Restate every record word for word, without the pictures.

### DATA IN THIS EXERCISE
-*-*-

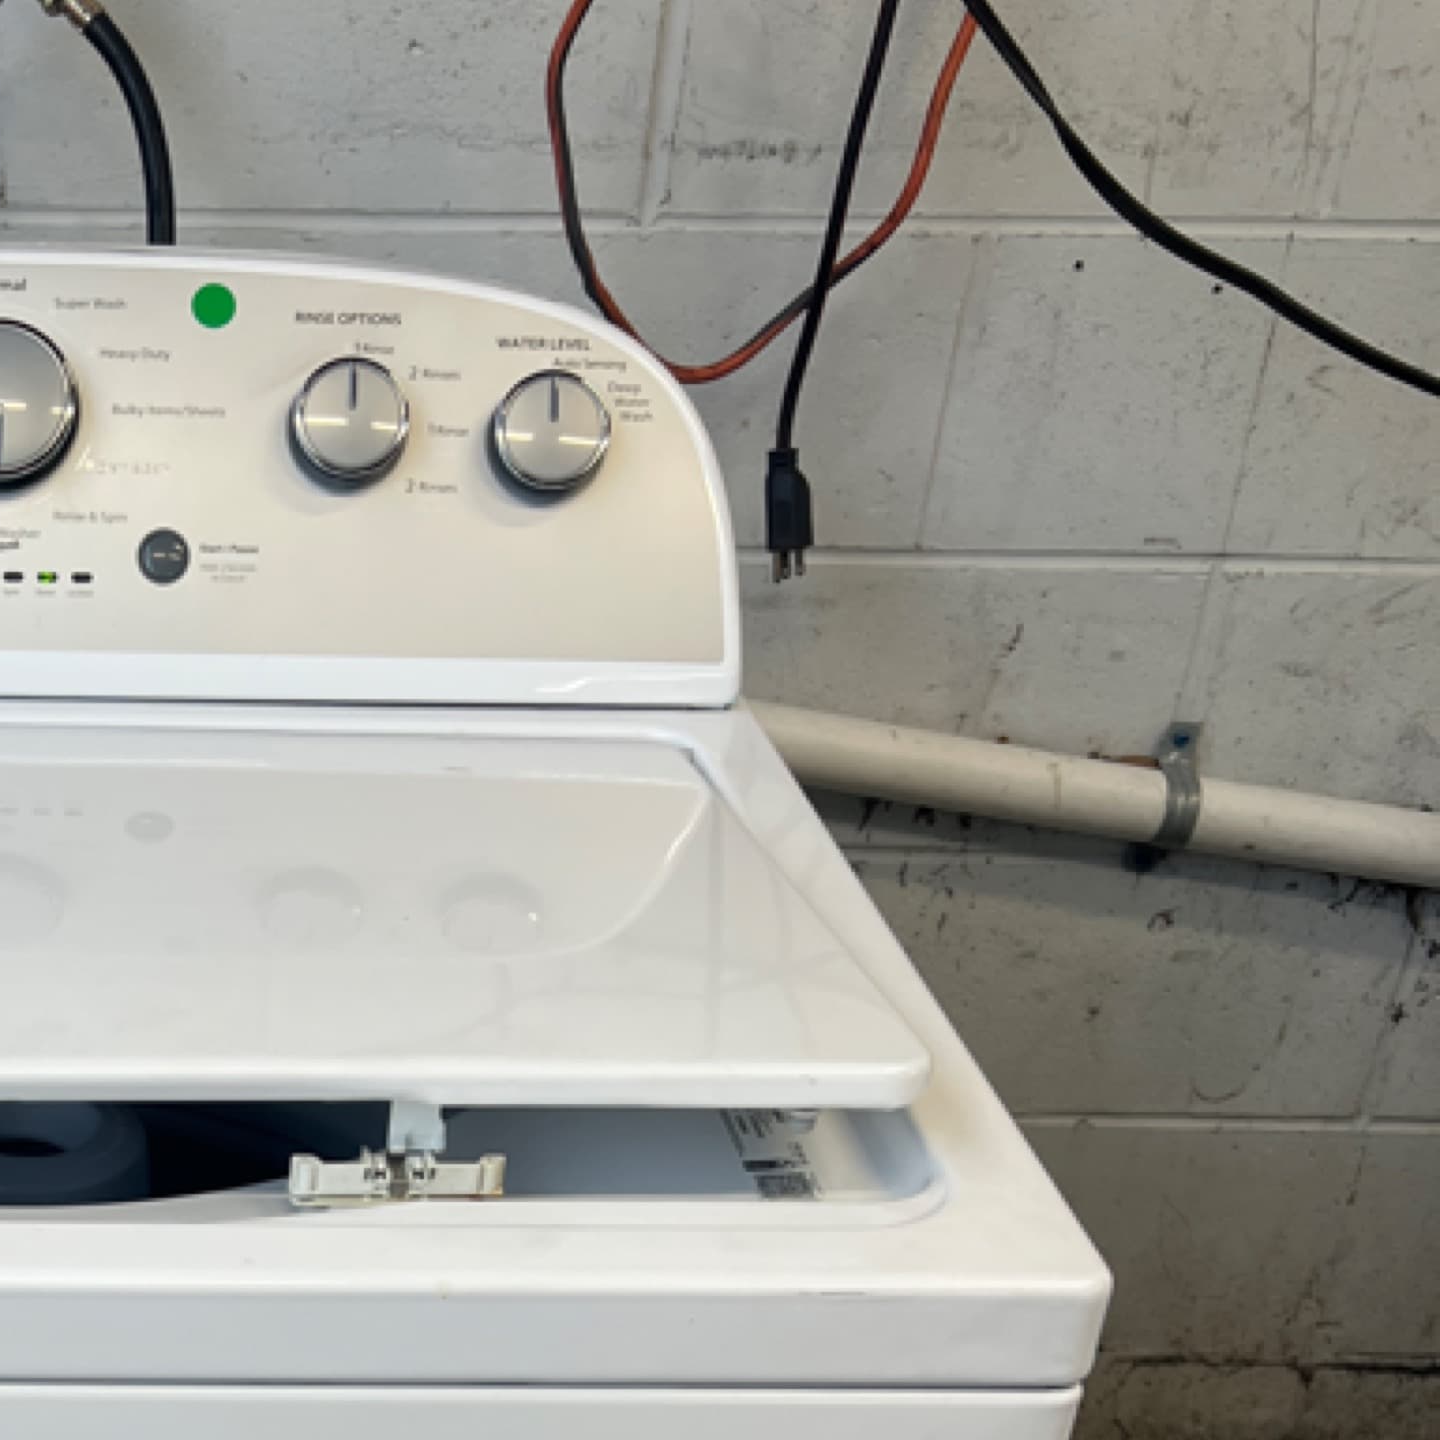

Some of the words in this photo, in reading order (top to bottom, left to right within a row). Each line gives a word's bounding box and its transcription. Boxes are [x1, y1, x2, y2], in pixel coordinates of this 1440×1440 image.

[295, 311, 335, 325] RINSE
[338, 311, 402, 325] OPTIONS
[495, 335, 548, 350] WATER
[551, 336, 591, 351] LEVEL
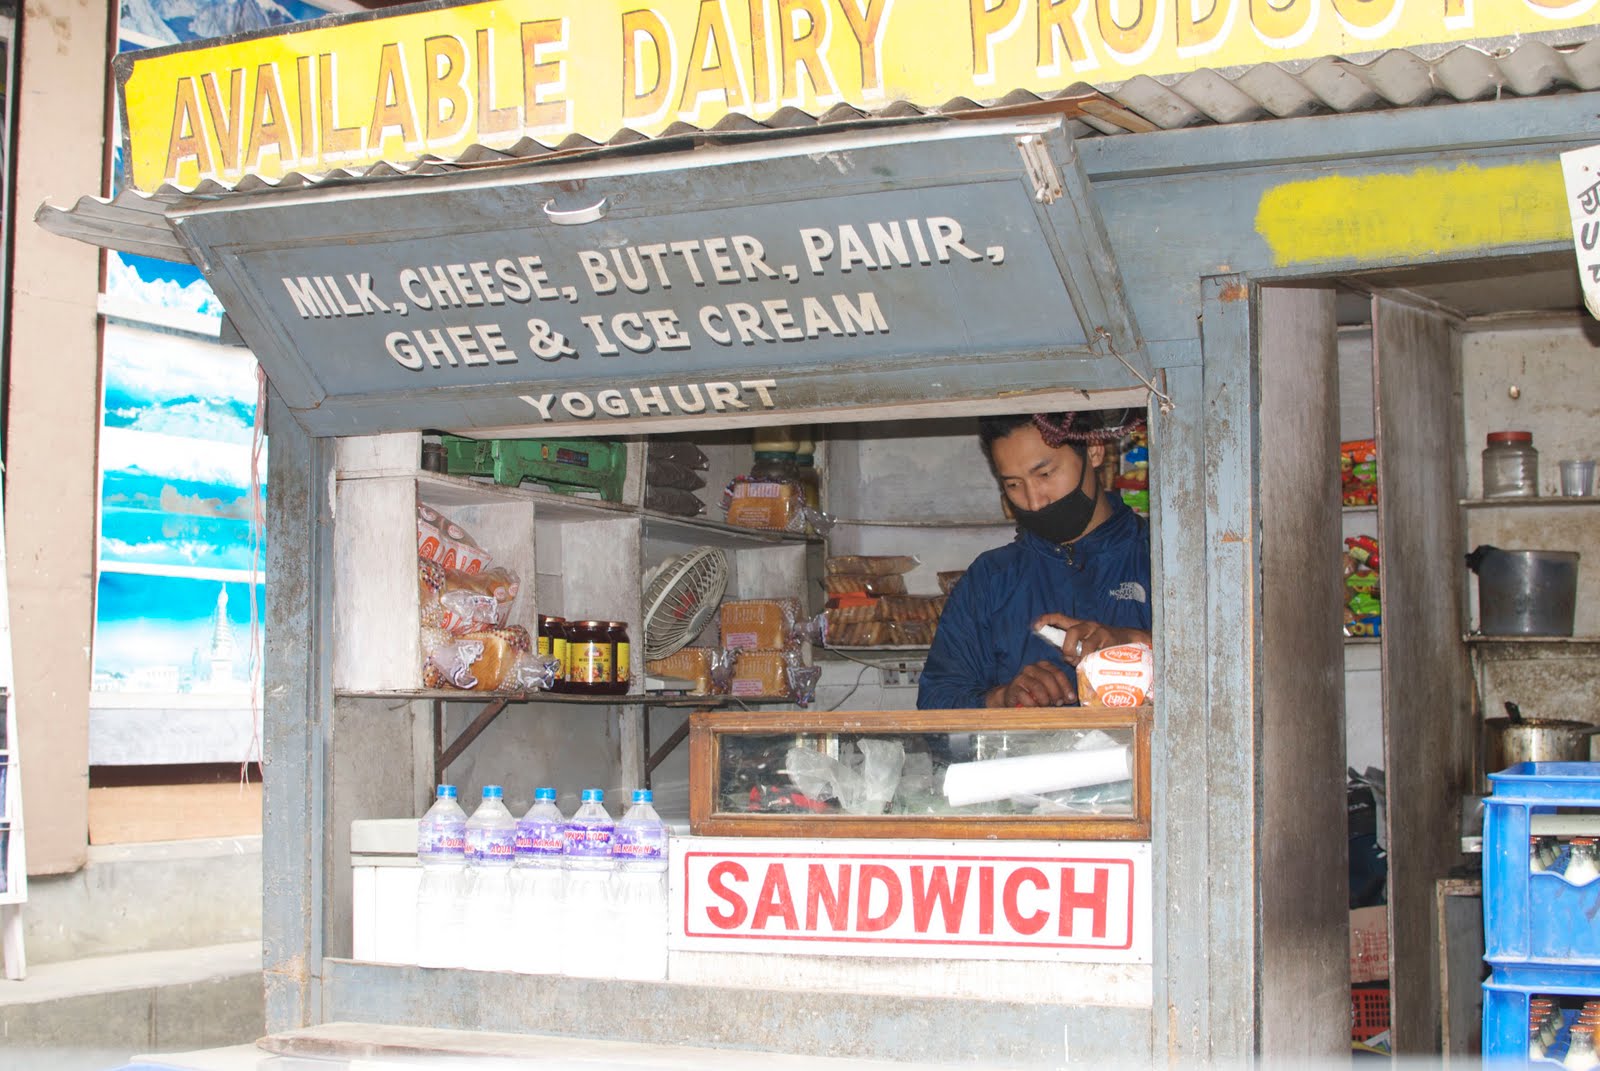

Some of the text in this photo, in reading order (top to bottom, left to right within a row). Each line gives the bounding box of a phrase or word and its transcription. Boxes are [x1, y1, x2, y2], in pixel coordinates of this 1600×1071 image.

-*-*-

### EXERCISE RESPONSE
Some of the words in this photo, in reading order (top to bottom, left to right within a row). Each line gives a word's bounding box and its transcription. Boxes are [x1, y1, x2, y2], in pixel coordinates of this 1440×1440 image.

[295, 311, 335, 325] RINSE
[338, 311, 402, 325] OPTIONS
[495, 335, 548, 350] WATER
[551, 336, 591, 351] LEVEL

Some of the text in this photo, in reading order (top to bottom, left to right within a row). Each line gives the bounding box of a phrase or word and its transcription. Boxes are [x1, y1, x2, y2], in pixel coordinates of this 1600×1071 image.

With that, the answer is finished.